That approach frustrates infectious-disease experts, who in recent years have found themselves combating some celebrities’ anti-vaccination beliefs.
“We eliminated endemic measles in the U.S. in 2000. It’s now 2014 and we’re at 400 cases. Why?” Dr. Paul Offit, chief of infectious diseases at Children’s Hospital of Philadelphia, said in an interview in June.
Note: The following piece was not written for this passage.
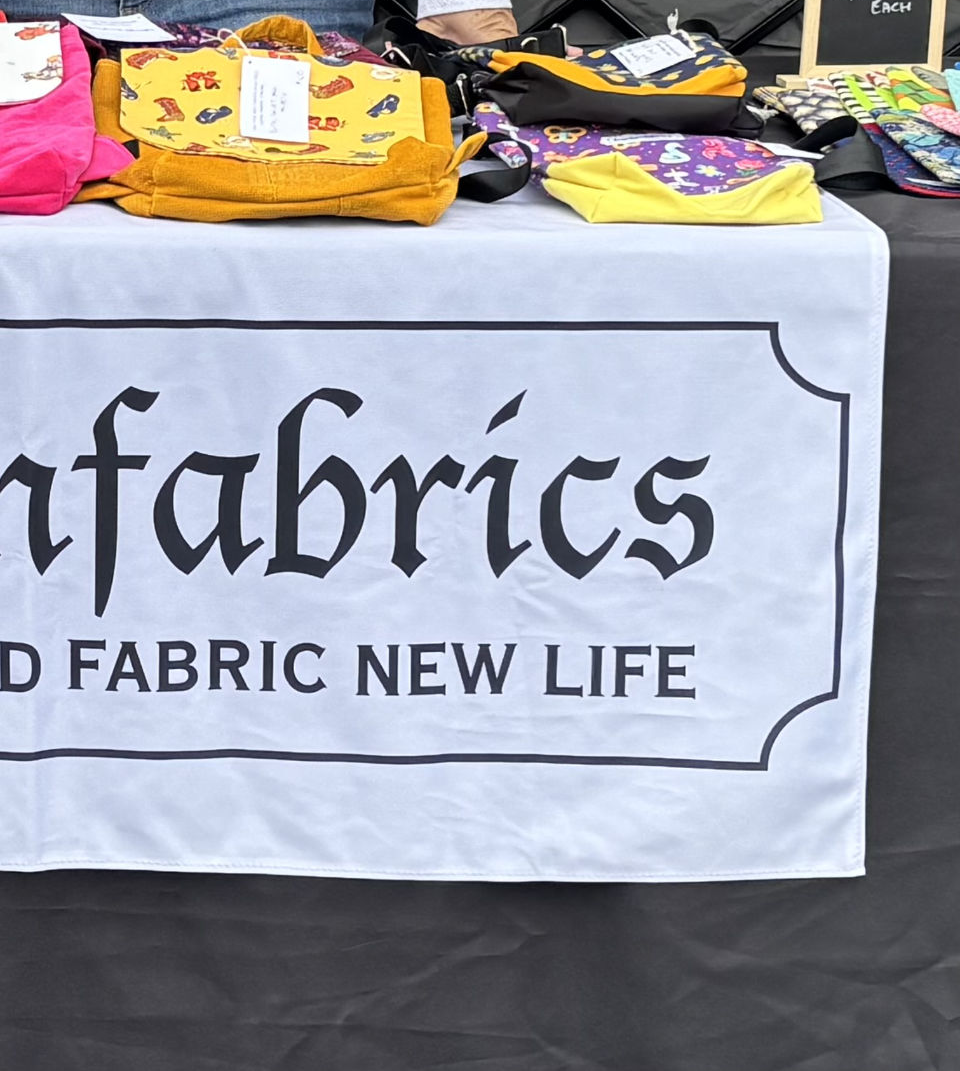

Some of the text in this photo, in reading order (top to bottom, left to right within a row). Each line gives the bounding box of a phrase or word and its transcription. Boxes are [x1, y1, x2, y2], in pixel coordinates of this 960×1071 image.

The number of cases has since risen to nearly 600. “Because people listen to Bob Sears. And, frankly, I blame him far more than I do the Jenny McCarthys of this world. Because he’s a doctor. And he should know more.”
Here’s an interesting article from The New Republic, The Best Way to Combat Anti-Vaxxers Is to Understand Them A new study underlines the similarity between “neo-liberal” thinking and the anti-vaccination movement. Well The New Republic should certainly understand neo-liberal thinking–they practically invented it. An excerpt:
“Anti-vaxxers,” as they are often referred, are an easy group to stereotype and a difficult group to humor. In most thinking circles, they are cast as “the other”; people either too stupid to understand the science behind vaccination, or too selfish to care about the impact of their choices on those around them.
But vaccine skeptics aren’t as different from their critics as we might like to think. And their rise in number over the past decade has less to do with stupidity, or even selfishness, than it does with beliefs about knowledge, trust, and freedom of choice that are pervasive throughout our culture, whether you choose to vaccinate your kids or not.
Dr. Jennifer Reich, a sociologist at the University of Colorado Denver, has been researching the anti-vaccination movement since 2007, seeking to understand the processes by which people come to reject vaccines. Over the past seven years, she has conducted in-depth interviews with parents who refuse mainstream vaccine recommendations, along with doctors, alternative healers, and public policymakers.
Not all of the parents Reich spoke with were “anti-vaxxers” in the sense that we typically think of the term; only a small minority identified as activists in the Jenny McCarthy mold, campaigning other parents not to vaccinate or advocating for policy change. Nor did they necessarily abstain from vaccination completely.
Rather, what united them was a sense that vaccines were up for negotiation: to be administered or rejected depending on the convictions of the parent and the needs of the child. Reich’s interviewees saw themselves as critical consumers of information. They engaged with doctors not as authorities to be obeyed, but as another data point to be evaluated, embraced, or discarded. They continually assessed risk: How likely was it that their child would be exposed to Disease A? What would be the consequences if they contracted Disease B?
It seems to me that what these anti-vaxxers have in common with neo-liberals is that they have lost the sense that as Americans we are all in this together. They focus only on their own needs and ignore the ways in which their choices about whether to vaccinate their children could impact others and society as a whole.
Just one more article before I wrap this up.
From Philly.com: California Measles Outbreak Shows How Quickly Disease Can Resurface in U.S.
Fifteen years after measles was declared eliminated in the United States, the recent outbreak traced to two Disney parks in California illustrates how quickly a resurgence can occur….
Experts explain the California outbreak simply.
“This outbreak is occurring because a critical number of people are choosing not to vaccinate their children,” said Dr. Paul Offit, director of the Vaccine Education Center and an attending physician at The Children’s Hospital of Philadelphia’s Division of Infectious Diseases.
“Parents are not scared of the disease” because they’ve never seen it, Offit said. “And, to a lesser extent, they have these unfounded concerns about vaccines. But the big reason is they don’t fear the disease.” ….
Researchers have found that past outbreaks of vaccine-preventable diseases are more likely in places where there are clusters of parents who refuse to have their children vaccinated, said Saad Omer, an associate professor of global health, epidemiology and pediatrics at Emory University School of Public Health and Emory Vaccine Center, in Atlanta.
“California is one of the states with some of the highest rates in the country in terms of exemptions, and also there’s a substantial clustering of refusals there,” Omer said….Other reasons include the belief that their children will not catch the disease, the disease is not very severe and the vaccine is not effective, Omer noted.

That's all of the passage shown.